>>>>

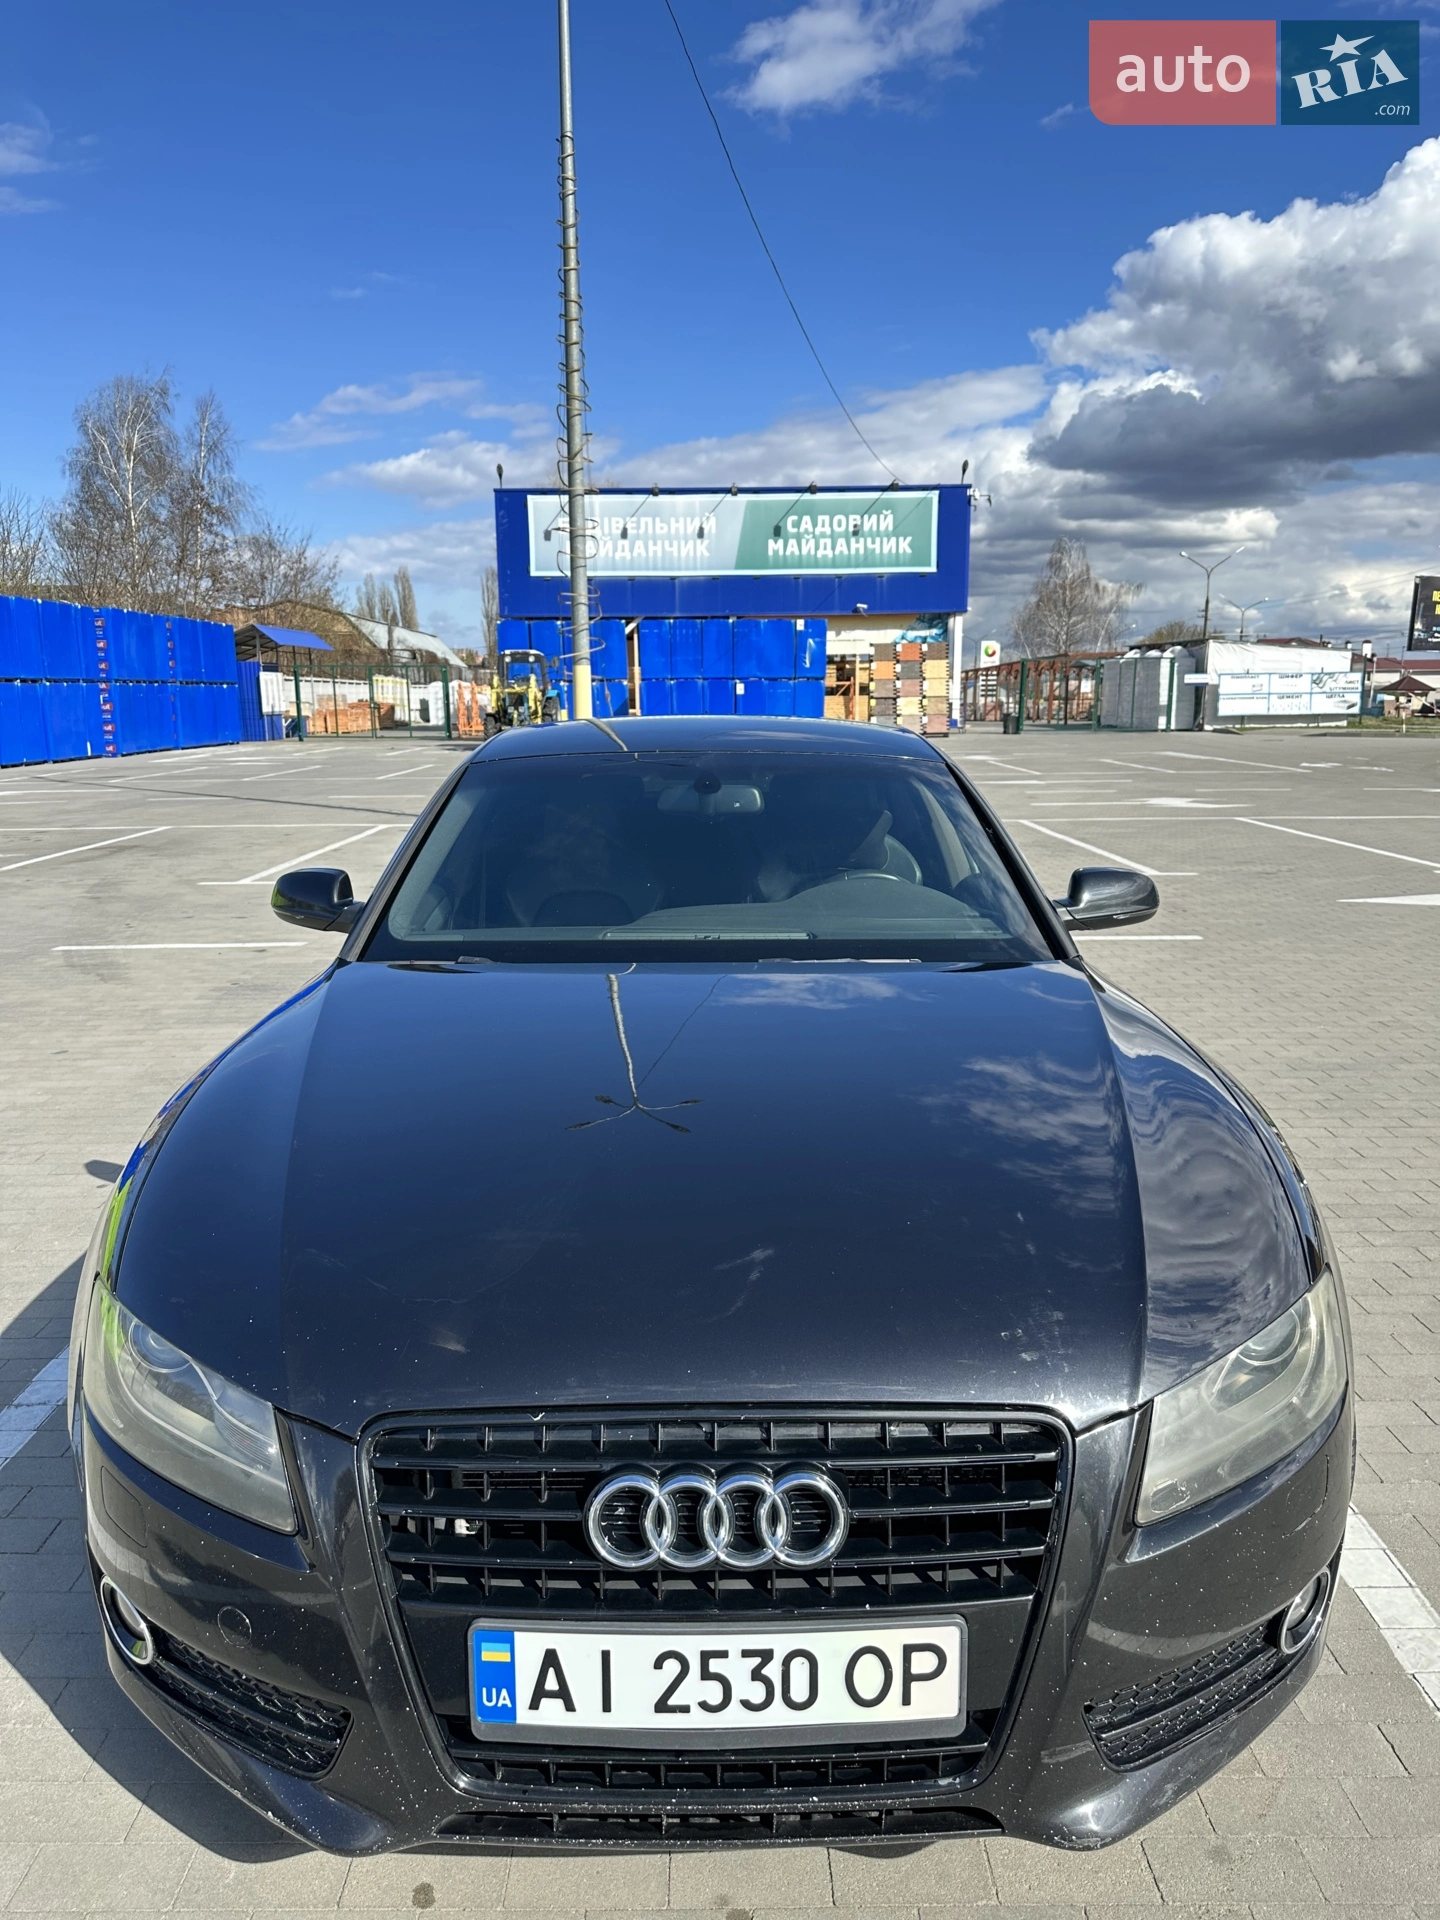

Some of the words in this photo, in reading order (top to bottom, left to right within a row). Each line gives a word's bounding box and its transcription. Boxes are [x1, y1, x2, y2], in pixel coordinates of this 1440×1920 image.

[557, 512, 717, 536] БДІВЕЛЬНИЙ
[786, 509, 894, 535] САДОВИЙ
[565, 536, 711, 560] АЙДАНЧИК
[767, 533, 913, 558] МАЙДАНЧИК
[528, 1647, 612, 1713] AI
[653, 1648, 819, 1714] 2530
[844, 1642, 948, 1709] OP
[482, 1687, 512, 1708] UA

<<<<

▶ **TASK GOAL**:
Any pictures above are to be left out. Retype the rest of the records exactly.

▶ **ANSWER TO THE EXERCISE**:
Some of the words in this photo, in reading order (top to bottom, left to right within a row). Each line gives a word's bounding box and its transcription. Boxes are [x1, y1, x2, y2], in pixel coordinates of this 1440×1920 image.

[557, 512, 717, 536] БДІВЕЛЬНИЙ
[786, 509, 894, 535] САДОВИЙ
[565, 536, 711, 560] АЙДАНЧИК
[767, 533, 913, 558] МАЙДАНЧИК
[528, 1647, 612, 1713] AI
[653, 1648, 819, 1714] 2530
[844, 1642, 948, 1709] OP
[482, 1687, 512, 1708] UA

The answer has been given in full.